Non sempre le conoscenze scientifiche sono soggette ad un processo lineare. Può capitare di dedicare anni di ricerca ad un fenomeno, e poi di assistere ad un’improvvisa accelerazione nelle scoperte relative ad un altro fenomeno fino ad allora sottovalutato, oppure ad un radicale reinterpretazione di un intero campo scientifico.

 

Questo è proprio quanto è successo negli ultimi anni nell’ambito delle neuroscienze, con le ricerche dedicate ad una parte del sistema nervoso che per molto tempo aveva ricevuto scarse attenzioni: le cellule della glia.

Con tale denominazione si intende tutta quella sostanza cerebrale diversa dai neuroni, cioè cellule che erano considerate poco più di un sostegno, una “colla” per dare struttura ai neuroni. Il termine glia, infatti, deriva dal greco e significa “colla”.

Si tratta di tre tipi principali di cellule: gli “astrociti”, gli “oligodendrociti” e la “microglia”. Sono cellule prive della capacità di generare impulsi elettrici e che, però, rappresentano circa l’85% delle cellule del cervello.

Gli “astrociti” riempiono lo spazio tra i neuroni e tra le loro funzioni regolano il contenuto chimico dello spazio extracellulare, rimuovono attraverso speciali proteine i neurotrasmettitori rilasciati nello spazio intersinaptico e controllano la concentrazione extracellulare di sostanze che possono interferire con le attività del neurone (es: ioni potassio).
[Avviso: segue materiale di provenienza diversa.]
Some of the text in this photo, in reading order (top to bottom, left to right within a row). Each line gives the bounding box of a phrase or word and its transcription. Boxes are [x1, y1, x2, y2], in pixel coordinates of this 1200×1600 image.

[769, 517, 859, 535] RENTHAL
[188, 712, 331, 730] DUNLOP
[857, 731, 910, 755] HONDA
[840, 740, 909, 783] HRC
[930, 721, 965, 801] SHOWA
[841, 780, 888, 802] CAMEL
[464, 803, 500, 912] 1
Infatti come noto, l’attività del cervello si basa su segnali elettrochimici veicolati da ioni sodio, calcio e potassio e uno dei compiti degli astrociti è mantenere il bilancio ionico. Per esempio, quando un neurone invia un impulso, i livelli di potassio al di fuori della cellula aumentano improvvisamente, ma devono subito diminuire nuovamente affinché il cervello funzioni in modo corretto. L’eccesso di potassio viene riassorbito proprio per l’azione degli astrociti.

Invece, l’oligodendroglia per il sistema nervoso centrale e le cellule di Schwann per il sistema nervoso periferico rivestono l’assone attraverso strati di membrana, denominata mielina, che si avvolge a spirale all’assone formando la  guaina mielinica. La guaina è continua per 1 o 2 mm e si interrompe periodicamente lasciando scoperte parti dell’assone. Queste zone sono chiamate nodi di Ranvier (1micrometro) e permettono all’impulsi elettrici di aumentare la velocità di trasmissione che poi è la funzione della mielina cioè far propagare più rapidamente l’impulso nervoso lungo l’assone.
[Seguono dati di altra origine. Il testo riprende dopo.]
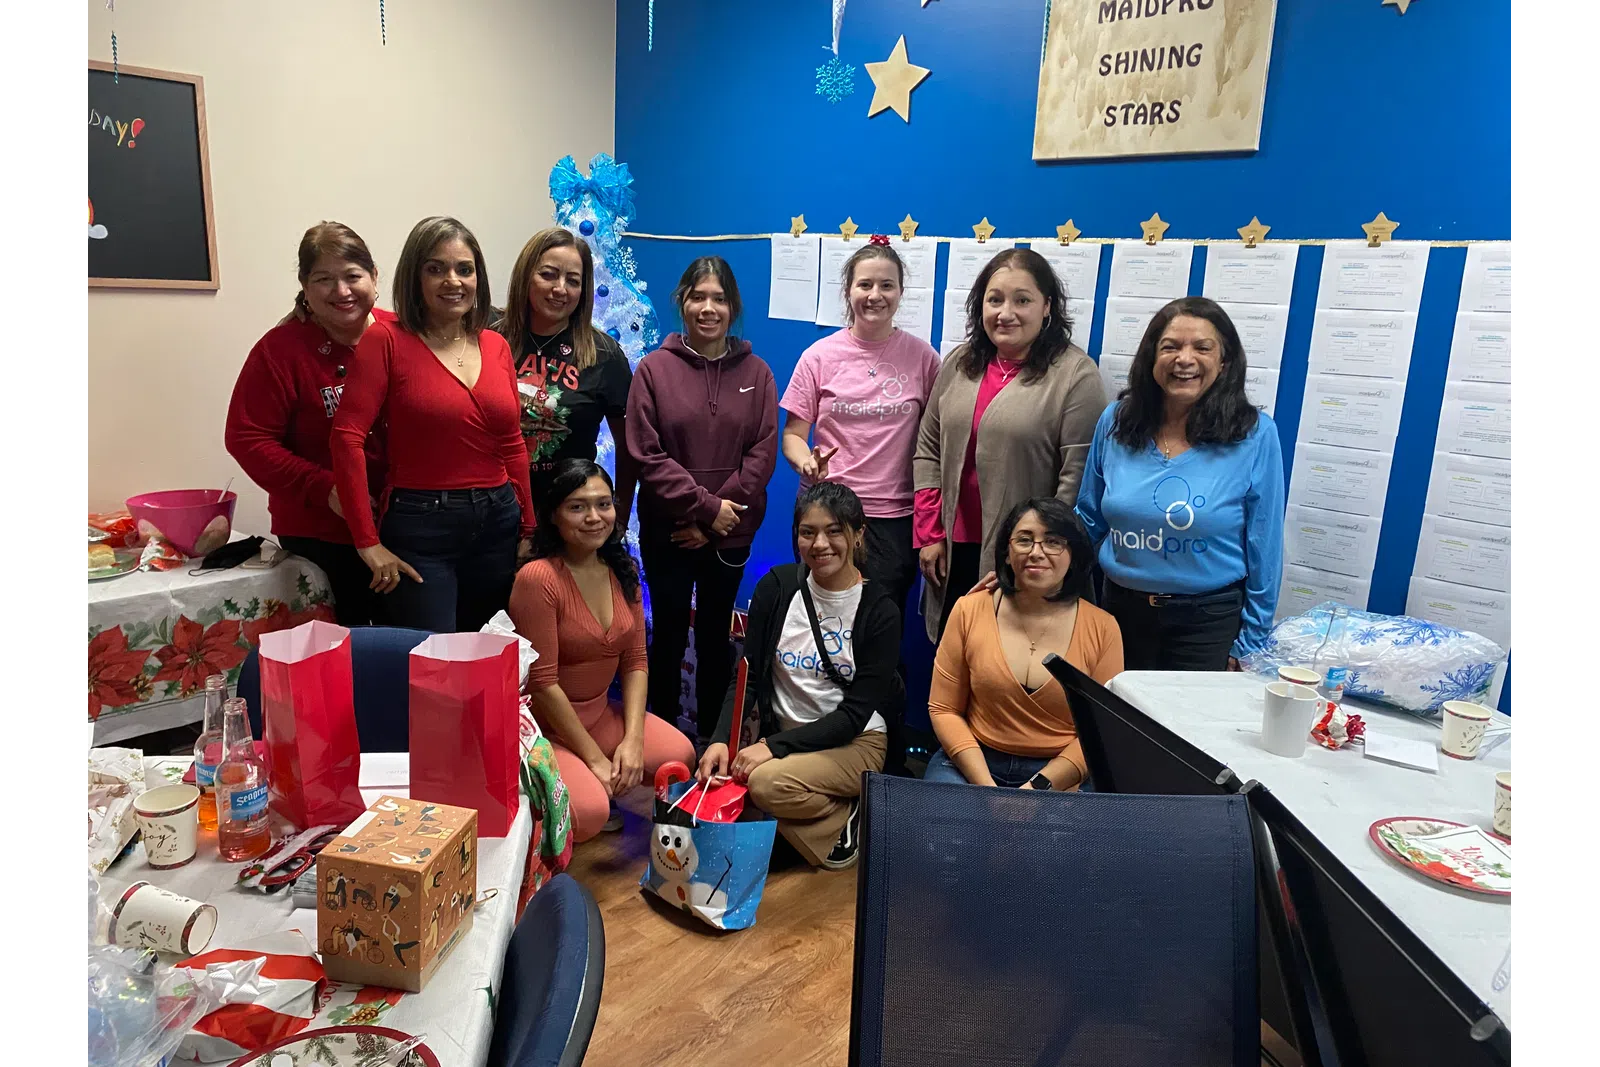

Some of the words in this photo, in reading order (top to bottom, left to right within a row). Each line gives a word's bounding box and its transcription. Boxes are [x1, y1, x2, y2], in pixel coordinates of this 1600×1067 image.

Infine la microglia: si tratta di cellule che funzionano come fagociti per eliminare residui di glia e neuroni morti o in via di degenerazione, infatti “è costituita da cellule fagocitarie dette microgliociti, di aspetto ramificato e disposte separatamente una dall’altra. Le cellule della microglia possiedono proprietà immunologiche che derivano dall’origine embriologica comune con la linea del sangue monocito- macrofagica. La microglia media le risposte immunitarie nel cervello, esplicando un’importante attività fagocitaria e di presentazione dell’antigene.”[1]